[Dataset entries]
*** Block opens ***

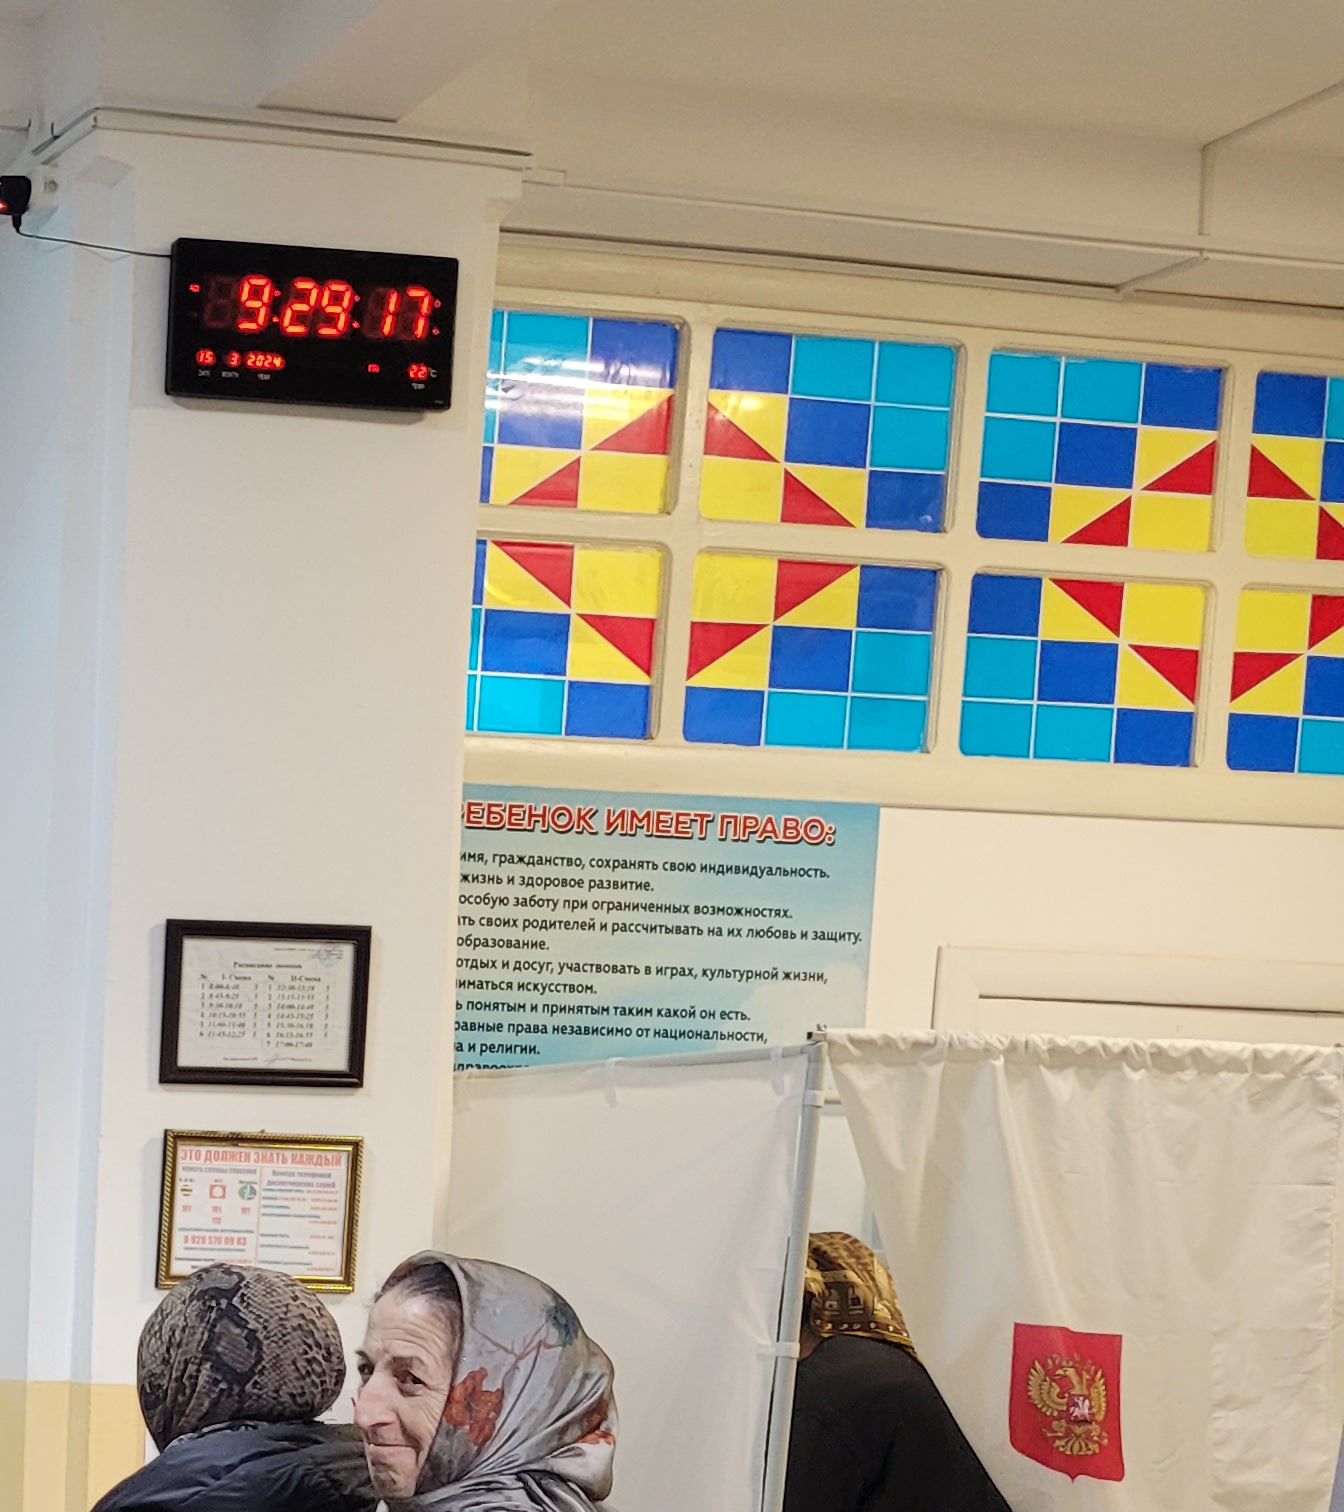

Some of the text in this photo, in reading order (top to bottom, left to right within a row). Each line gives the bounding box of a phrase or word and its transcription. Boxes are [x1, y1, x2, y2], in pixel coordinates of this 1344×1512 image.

[246, 351, 282, 368] 2024
[409, 363, 427, 378] 22
[461, 801, 836, 846] ЕБЕНОК ИМЕЕТ ПРАВО:
[492, 853, 585, 871] гражданство,
[589, 857, 658, 872] сохранять
[662, 861, 697, 872] свою
[700, 863, 830, 879] индивидуальность.
[460, 872, 654, 892] жизнь и здоровое развитие.
[458, 892, 793, 919] особую заботу при ограниченных возможностях.
[479, 916, 518, 928] своих
[522, 917, 595, 931] родителей
[600, 920, 607, 931] и
[611, 921, 704, 937] рассчитывать
[708, 926, 723, 937] на
[727, 927, 742, 938] их
[746, 926, 796, 940] любовь
[800, 929, 808, 940] и
[812, 930, 862, 945] защиту.
[456, 934, 550, 950] образование.
[456, 958, 828, 984] отдых и досуг, участвовать в играх, культурной жизни,
[456, 978, 598, 996] иматься искусством.
[466, 1001, 526, 1013] понятым
[530, 1002, 538, 1013] и
[542, 1003, 610, 1017] принятым
[613, 1005, 653, 1018] таким
[657, 1005, 696, 1019] какой
[699, 1010, 716, 1020] он
[720, 1010, 751, 1021] есть.
[507, 1022, 548, 1036] права
[552, 1024, 633, 1037] независимо
[636, 1028, 650, 1038] от
[653, 1028, 768, 1044] национальности,
[468, 1042, 476, 1053] и
[480, 1043, 541, 1056] религии.
[180, 1149, 342, 1168] ЭТО ДОЛЖЕН ЗНАТЬ КАЖДЫЙ
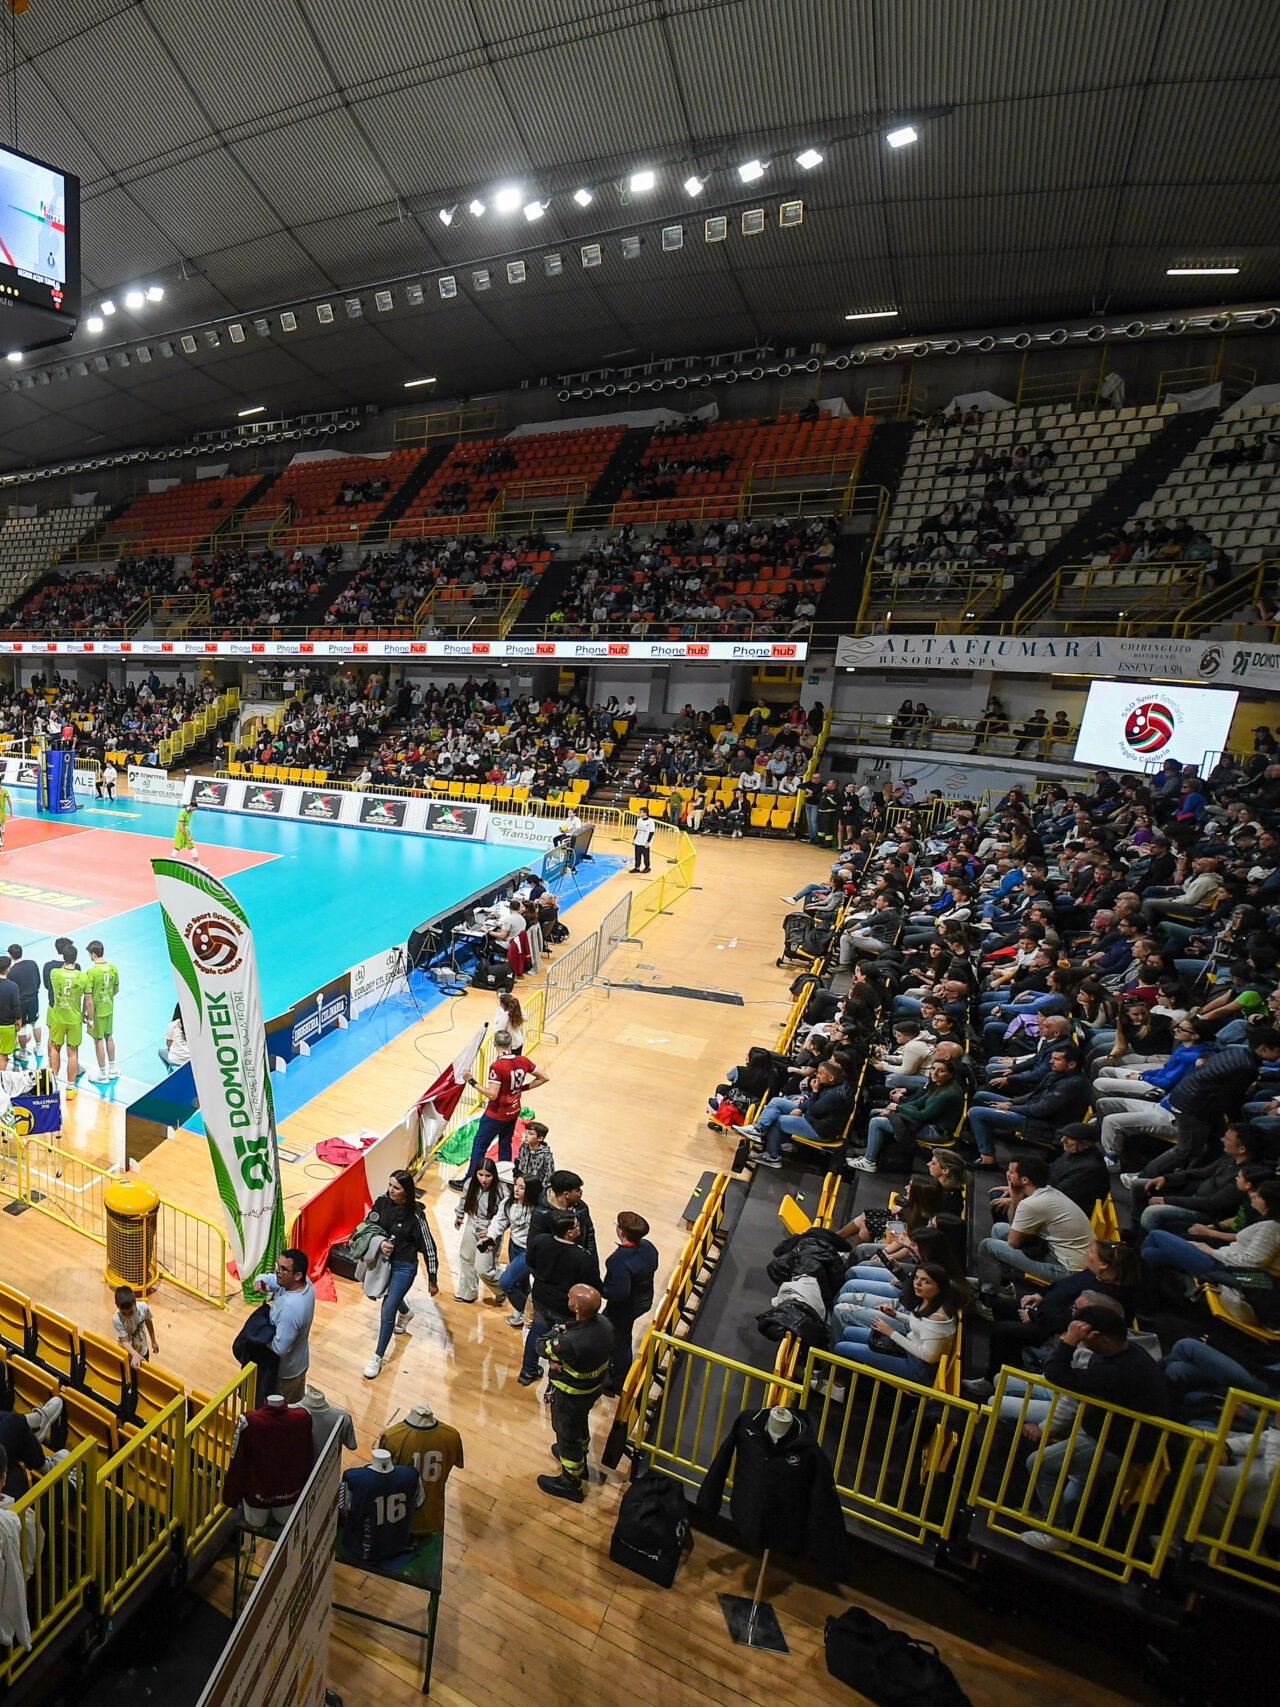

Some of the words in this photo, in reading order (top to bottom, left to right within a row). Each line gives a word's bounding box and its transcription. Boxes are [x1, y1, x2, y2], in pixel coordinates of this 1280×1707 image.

[881, 638, 1102, 657] ALTAFIUMARA
[1120, 644, 1191, 654] CHIRINGUITO
[879, 655, 945, 665] RESORT
[950, 657, 959, 666] &
[968, 657, 996, 667] SPA
[1118, 662, 1168, 673] ESSENTA
[1136, 693, 1158, 704] Sport
[1160, 694, 1184, 724] Specialist
[1118, 741, 1138, 761] Reggio
[1139, 748, 1170, 762] Calabria
[498, 827, 554, 843] Transport
[184, 922, 194, 939] ASD
[192, 912, 211, 924] Sport
[213, 912, 243, 936] Specialist
[193, 959, 216, 974] Reggio
[218, 957, 243, 974] Calabria
[64, 978, 72, 995] 2
[354, 981, 375, 997] ECOLOGY
[375, 975, 385, 986] CTL
[204, 990, 251, 1128] DOMOTEK
[244, 1057, 256, 1080] PER
[510, 1069, 525, 1090] 13
[412, 1449, 443, 1482] 16
[374, 1492, 406, 1526] 16
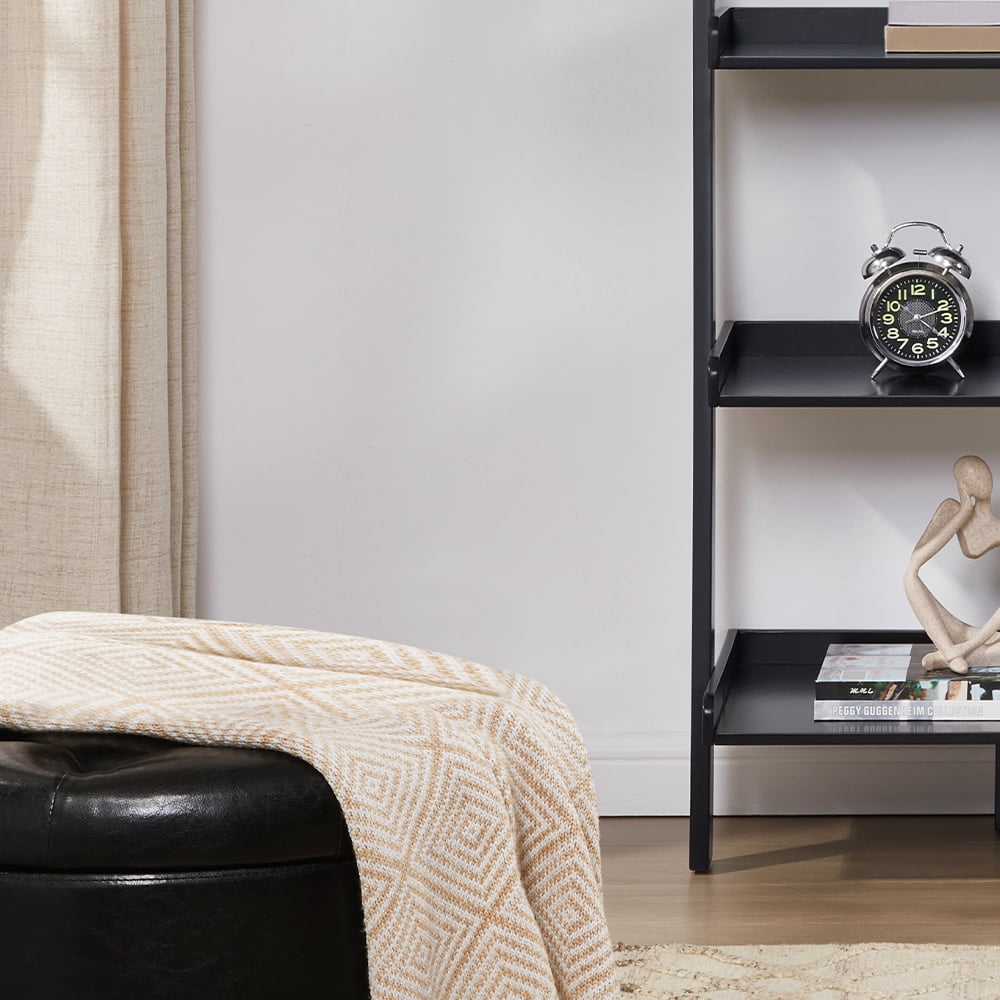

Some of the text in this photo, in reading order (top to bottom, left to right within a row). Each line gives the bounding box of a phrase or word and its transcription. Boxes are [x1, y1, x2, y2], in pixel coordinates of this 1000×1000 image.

[898, 289, 907, 300] 11
[910, 284, 926, 296] 12
[931, 288, 935, 300] 1
[886, 300, 900, 312] 10
[937, 300, 949, 311] 2
[882, 313, 894, 325] 9
[941, 313, 953, 324] 3
[887, 327, 899, 339] 8
[938, 327, 949, 339] 4
[897, 338, 909, 350] 7
[911, 343, 924, 354] 6
[927, 337, 939, 349] 5
[832, 705, 862, 717] PEGGY
[863, 705, 925, 717] GUGGENHEIM
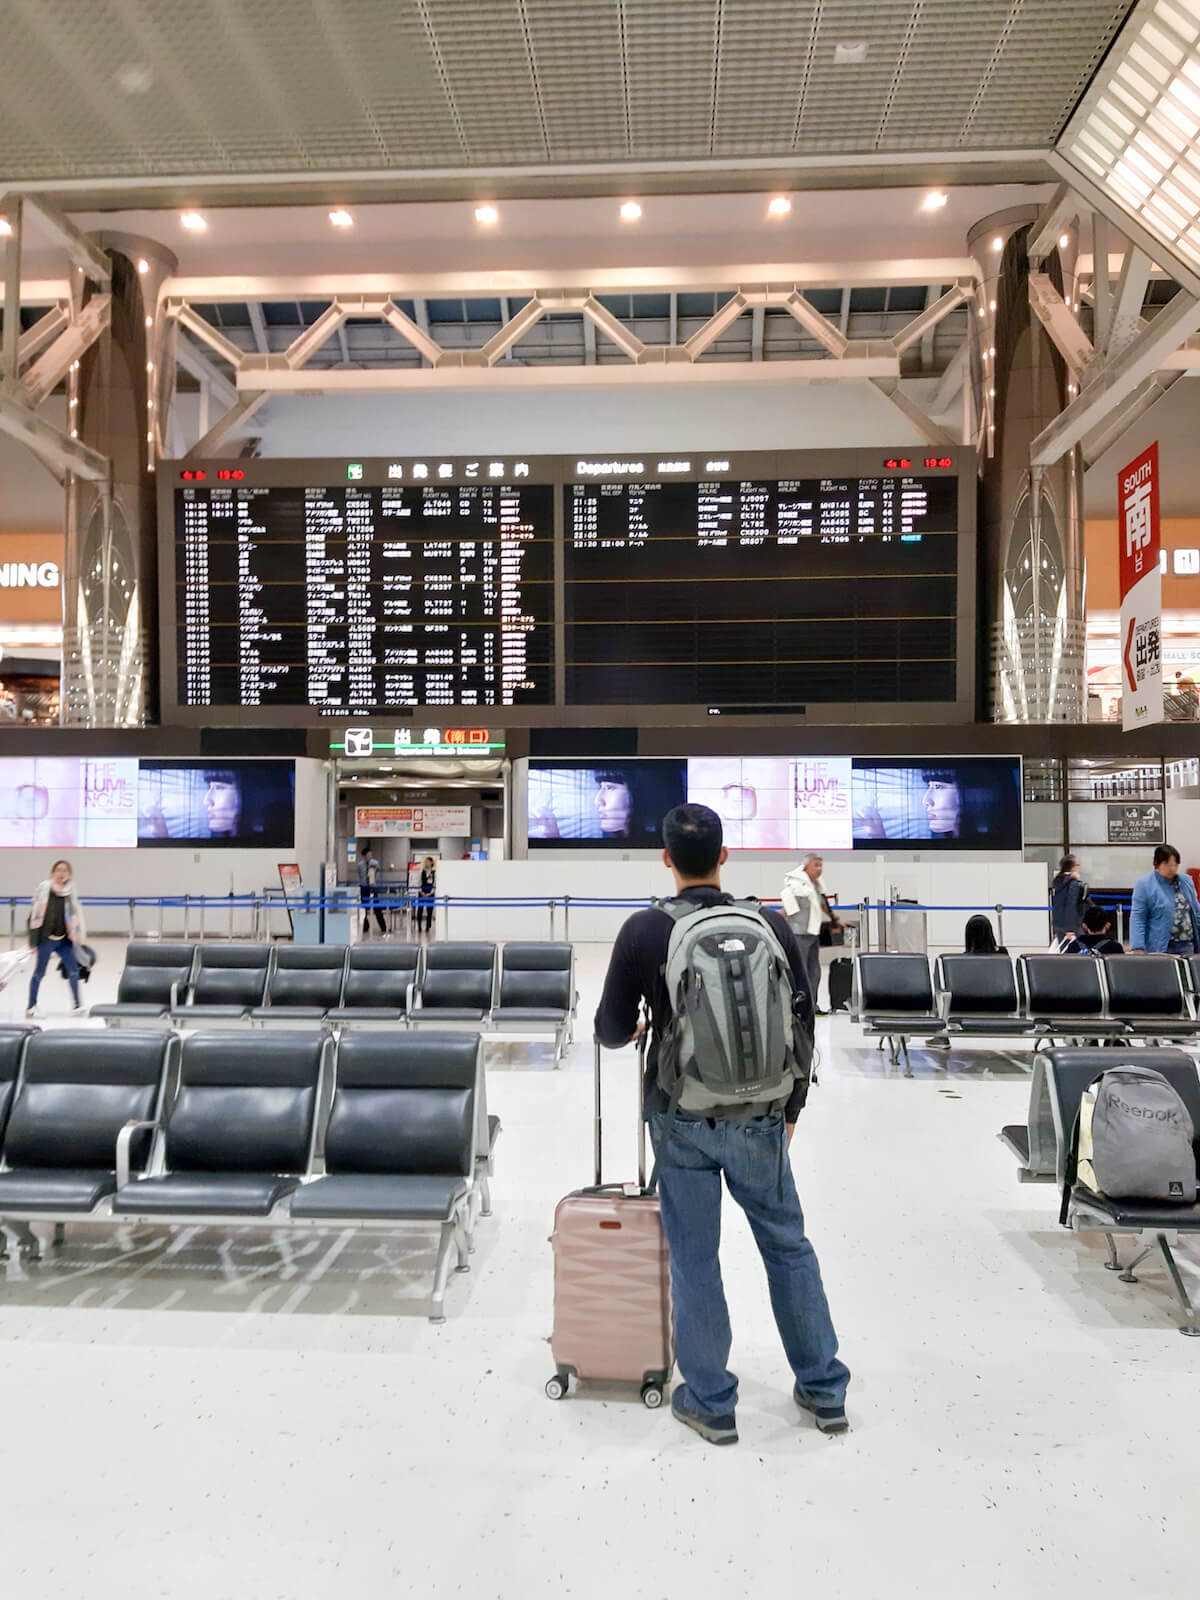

*** Block closes ***

▶ _Exercise_: All records, pictures excluded: copy them exactly.

▶ _Expected answer_:
Some of the text in this photo, in reading order (top to bottom, left to right within a row). Each line gives the bounding box of a phrase or word and its transcription. Boxes are [x1, y1, x2, y2], in pixel coordinates of this 1344×1512 image.

[246, 351, 282, 368] 2024
[409, 363, 427, 378] 22
[461, 801, 836, 846] ЕБЕНОК ИМЕЕТ ПРАВО:
[492, 853, 585, 871] гражданство,
[589, 857, 658, 872] сохранять
[662, 861, 697, 872] свою
[700, 863, 830, 879] индивидуальность.
[460, 872, 654, 892] жизнь и здоровое развитие.
[458, 892, 793, 919] особую заботу при ограниченных возможностях.
[479, 916, 518, 928] своих
[522, 917, 595, 931] родителей
[600, 920, 607, 931] и
[611, 921, 704, 937] рассчитывать
[708, 926, 723, 937] на
[727, 927, 742, 938] их
[746, 926, 796, 940] любовь
[800, 929, 808, 940] и
[812, 930, 862, 945] защиту.
[456, 934, 550, 950] образование.
[456, 958, 828, 984] отдых и досуг, участвовать в играх, культурной жизни,
[456, 978, 598, 996] иматься искусством.
[466, 1001, 526, 1013] понятым
[530, 1002, 538, 1013] и
[542, 1003, 610, 1017] принятым
[613, 1005, 653, 1018] таким
[657, 1005, 696, 1019] какой
[699, 1010, 716, 1020] он
[720, 1010, 751, 1021] есть.
[507, 1022, 548, 1036] права
[552, 1024, 633, 1037] независимо
[636, 1028, 650, 1038] от
[653, 1028, 768, 1044] национальности,
[468, 1042, 476, 1053] и
[480, 1043, 541, 1056] религии.
[180, 1149, 342, 1168] ЭТО ДОЛЖЕН ЗНАТЬ КАЖДЫЙ

Some of the words in this photo, in reading order (top to bottom, left to right within a row). Each line gives a word's bounding box and its transcription. Boxes are [x1, y1, x2, y2], in pixel coordinates of this 1280×1707 image.

[881, 638, 1102, 657] ALTAFIUMARA
[1120, 644, 1191, 654] CHIRINGUITO
[879, 655, 945, 665] RESORT
[950, 657, 959, 666] &
[968, 657, 996, 667] SPA
[1118, 662, 1168, 673] ESSENTA
[1136, 693, 1158, 704] Sport
[1160, 694, 1184, 724] Specialist
[1118, 741, 1138, 761] Reggio
[1139, 748, 1170, 762] Calabria
[498, 827, 554, 843] Transport
[184, 922, 194, 939] ASD
[192, 912, 211, 924] Sport
[213, 912, 243, 936] Specialist
[193, 959, 216, 974] Reggio
[218, 957, 243, 974] Calabria
[64, 978, 72, 995] 2
[354, 981, 375, 997] ECOLOGY
[375, 975, 385, 986] CTL
[204, 990, 251, 1128] DOMOTEK
[244, 1057, 256, 1080] PER
[510, 1069, 525, 1090] 13
[412, 1449, 443, 1482] 16
[374, 1492, 406, 1526] 16

Some of the text in this photo, in reading order (top to bottom, left to right within a row). Each line gives the bounding box of a phrase or word and its transcription. Boxes are [x1, y1, x2, y2], in pixel coordinates of this 1000×1000 image.

[898, 289, 907, 300] 11
[910, 284, 926, 296] 12
[931, 288, 935, 300] 1
[886, 300, 900, 312] 10
[937, 300, 949, 311] 2
[882, 313, 894, 325] 9
[941, 313, 953, 324] 3
[887, 327, 899, 339] 8
[938, 327, 949, 339] 4
[897, 338, 909, 350] 7
[911, 343, 924, 354] 6
[927, 337, 939, 349] 5
[832, 705, 862, 717] PEGGY
[863, 705, 925, 717] GUGGENHEIM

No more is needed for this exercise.